Why, after a whole year of nursing school? As a child, into my teens and even my adulthood, I wanted to be an OBGYN. THAT to me, is definitely my dream job. However, having a family, I see it as an unrealistic goal. There is SO much schooling involved, as well as internships and residency. I couldn't be away from my family for that long and be happy for the rest of my life with so much stress, both work and family related. So I decided to attend nursing school. I figured it would be the closest to being an OBGYN that I could get. And I was so excited. I had plans for obtaining my masters and becoming an FNP (family nurse practitioner) and way into the future opening my own practice. And the money wasn't bad either. But the more I thought about it and talked about it, the more unsure I was of that decision and the more I started thinking about only the money. I didn't want to just settle for something, because I would not reach my goal of being an OBGYN. I definitely didn't want to invest so much time and money into something for only the money and a life without happiness... (I sound like I'm rambling a lot here.)

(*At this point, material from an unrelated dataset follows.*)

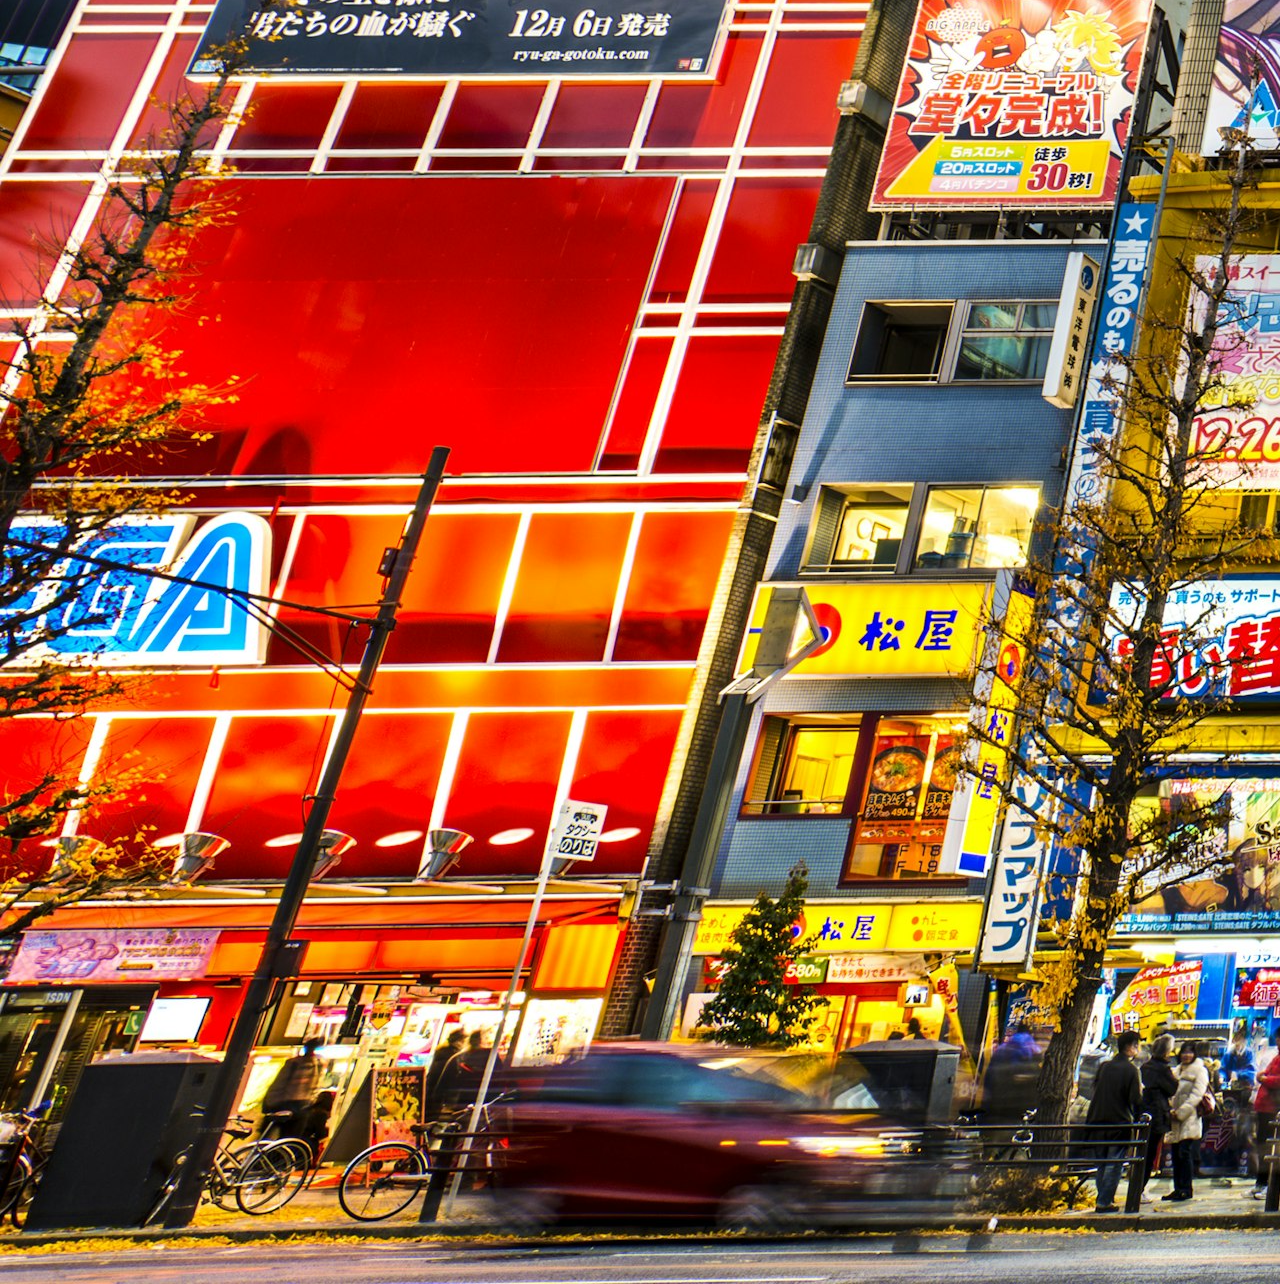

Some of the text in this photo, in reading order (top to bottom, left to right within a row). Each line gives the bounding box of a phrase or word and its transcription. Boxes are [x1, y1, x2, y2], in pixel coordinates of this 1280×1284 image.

I have always cut people's hair. I wasn't always good, but I learned to be good at it. I started having friends ask me to cut their hair, color their hair and do their nails and makeup. I LOVE IT! I am such a girly girl and it makes me happy making people feel good about themselves and feel beautiful. Jonathan told me more than once that he noticed how much I "light up" when I talk about cosmetology school and how I seemed unsure when I talked about nursing school. He was right, I started noticing it too. A family friend has told me for almost as long as I've known her that I was thinking about the wrong profession, that nursing wasn't me. She was also right. I just had to learn for myself.

I don't regret for one second attending nursing school for a year. I made some great friends along the way. I learned a lot about microbiology, and it has turned me into somewhat of a germ freak Lol. I learned to try not to stress so much and just go with the flow a little bit. I learned I am an over studier (Is that even a word?). And I learned to never second guess myself, especially on a test. Every damn time I did, and I changed my answer it was ALWAYS right the FIRST time! I wanted to pull my hair out over that every time. But I learned and it worked when I kept my first answers. I learned SO MUCH about myself, about what I wanted in life, what I wanted for my family, and what was best for me. THAT to me was the best part of nursing school.

Last night I had orientation and I get more and more excited all the time. My first class is Tuesday night. I CAN'T WAIT!!! The only downfall is that because I'll be taking night classes, it will extend the length of schooling by seven months. I will attend my last class on December 24th of 2011. I also have class on Saturday mornings 8:30am-2:30pm. BLEH! But it's going to be so worth it! :)

I'm almost sure I'll invite you along for a ride in a blog or two and you might get tired of hearing me talk about cosmetology so often. So I'll start by apologizing now. SORRY! =Þ

I am so thankful for all of the support I have been given. I am most thankful for my husband. For sticking with me through thick and thin, and for giving the most and best support that even Victoria Secret would be jealous of.

Wish me luck along the way! I love you all!